Résumé en bref
L’Iran tente de réglementer le minage de cryptomonnaies avec le ministère de l’Industrie.
Les sanctions CAATSA imposées à l’Iran dynamisent le marché des cryptomonnaies dans le pays.
Les gouvernements du monde entier ont des points de vue différents sur cette nouvelle technologie qui sous-tend les cryptomonnaies. Ce nouvel écosystème financier promet une croissance susceptible d'enrayer l'inflation dans certains pays.
Parmi les promoteurs des cryptomonnaies figure le gouvernement du Salvador, qui a reconnu Bitcoin comme monnaie légale. L'Iran, quant à lui, a adopté des mesures non conventionnelles pour dynamiser son économie en misant sur le minage de cryptomonnaies.

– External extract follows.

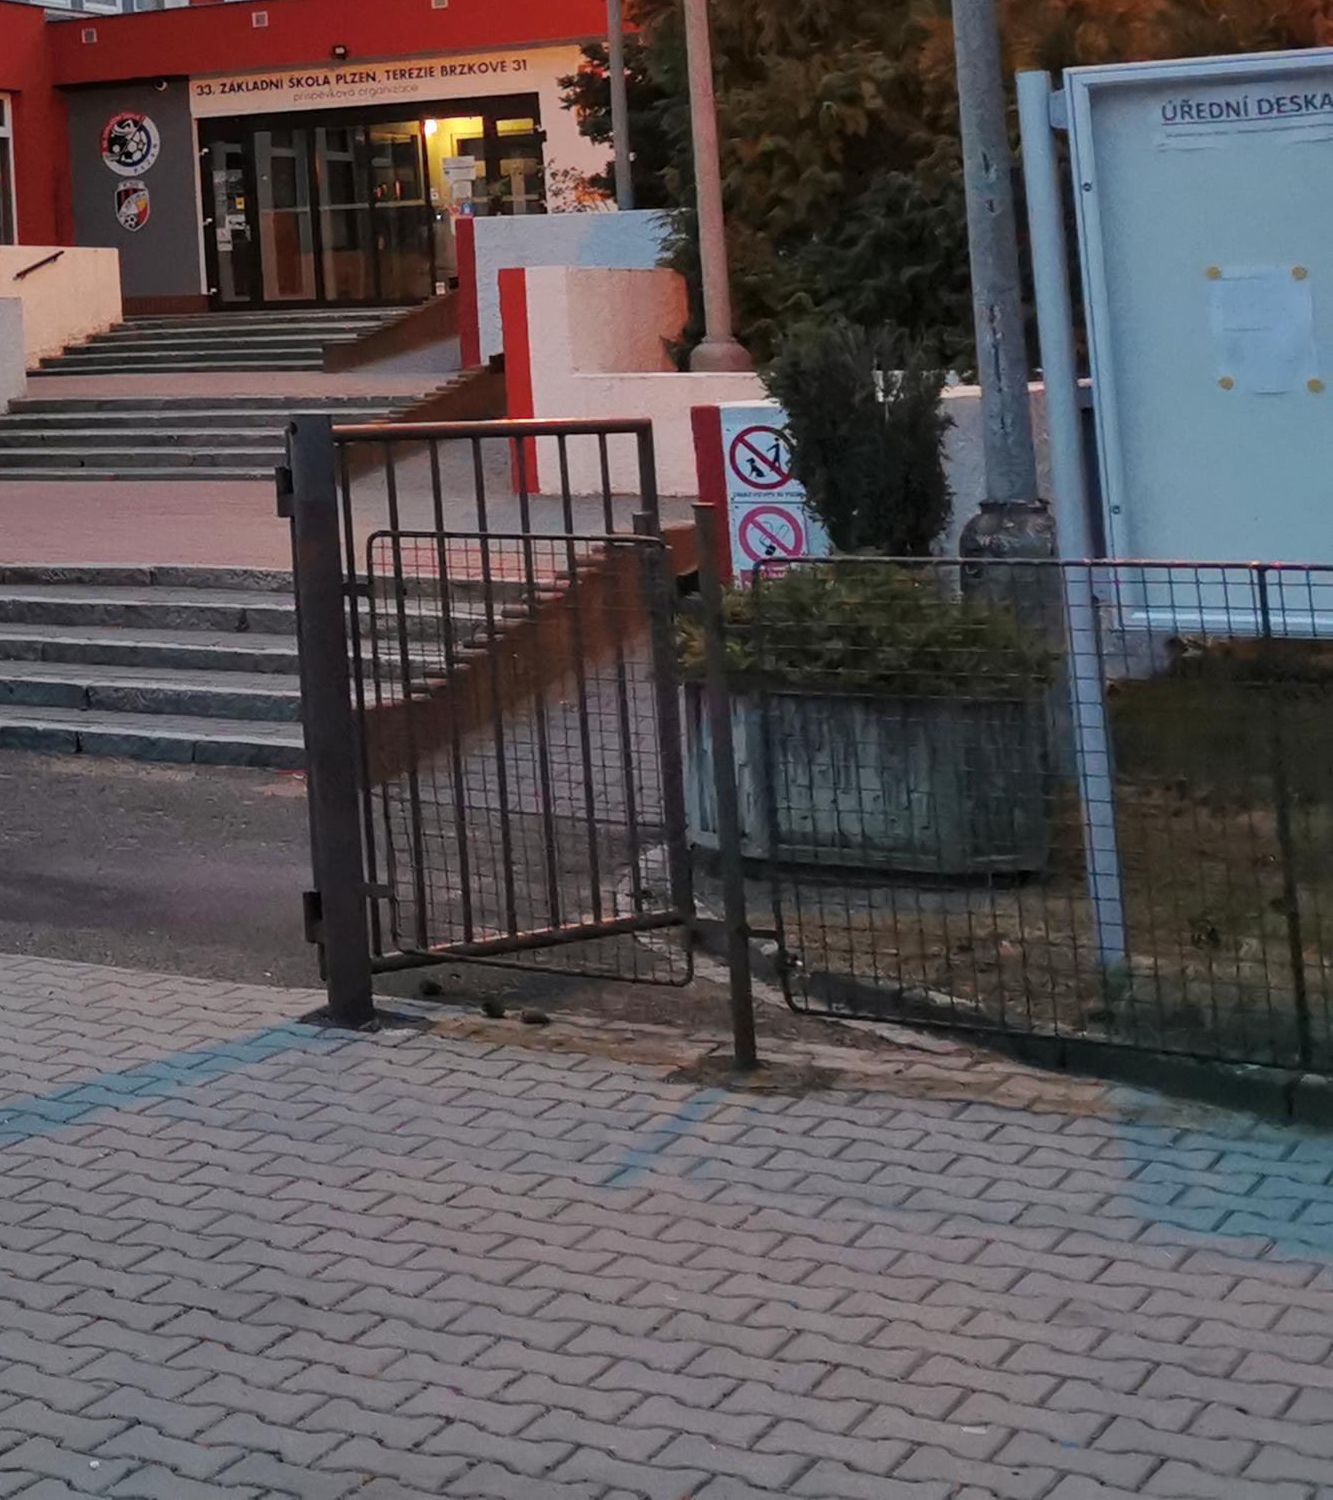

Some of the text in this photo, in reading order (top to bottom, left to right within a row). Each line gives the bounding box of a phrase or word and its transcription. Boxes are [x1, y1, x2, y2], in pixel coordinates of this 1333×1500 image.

[385, 66, 435, 81] TEREZIE
[512, 59, 528, 72] 31
[1161, 92, 1333, 122] ÚŘEDNÍ DESKA

L'Iran et ses relations avec le minage de cryptomonnaies

Ce n'est pas un hasard si le gouvernement iranien a pris le contrôle des cryptomonnaies sans mettre en place un cadre réglementaire aussi strict. Cela s'explique par le fait que l'Iran est touché par les sanctions américaines CAATSA. Cette mesure réglementaire interdit aux entreprises américaines de faire des affaires dans le pays, ce qui crée un déséquilibre dans son économie.

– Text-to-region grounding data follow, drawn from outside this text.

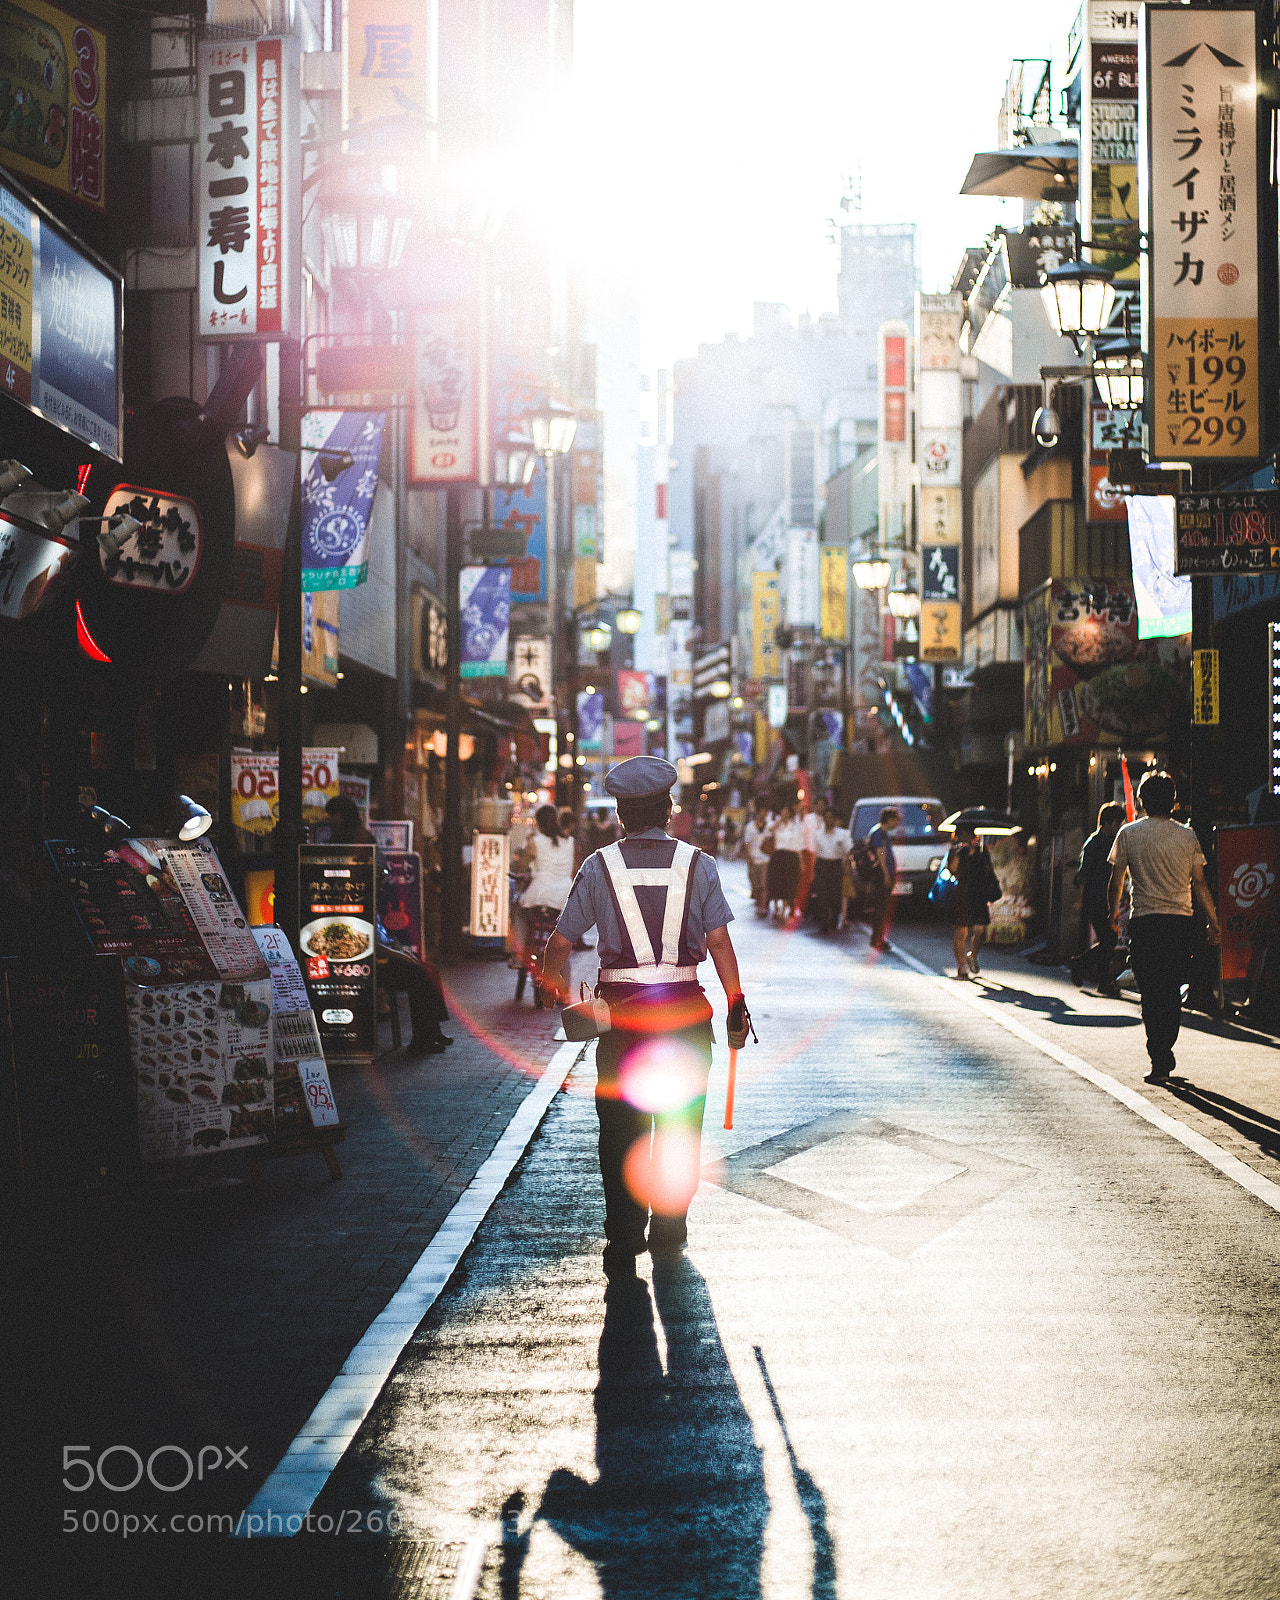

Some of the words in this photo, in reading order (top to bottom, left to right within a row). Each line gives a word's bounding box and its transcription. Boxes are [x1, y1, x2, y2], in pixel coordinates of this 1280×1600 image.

[1092, 105, 1136, 120] STUDIO
[206, 70, 251, 305] 日本一寿し
[1171, 83, 1210, 287] ミライザカ
[1167, 328, 1246, 353] ハイボール
[1167, 388, 1246, 414] 生ビール
[263, 933, 281, 950] 2F

L'Iran, dont le dollar américain est la monnaie de référence pour de nombreuses économies, s'est ouvert aux cryptomonnaies. Le gouvernement tente de légaliser le minage de cryptomonnaies comme stratégie économique. Cependant, cette mesure sera mise en œuvre selon les conditions définies par le gouvernement iranien.
Premièrement, le Parlement iranien envisage d'approuver le minage de cryptomonnaies si la banque centrale l'ordonne. De ce fait, la banque centrale iranienne devient l'autorité de régulation du commerce des cryptomonnaies. Par ailleurs, les cryptomonnaies autorisées dans le pays peuvent être restreintes sans préavis, à l'exception de la monnaie virtuelle nationale.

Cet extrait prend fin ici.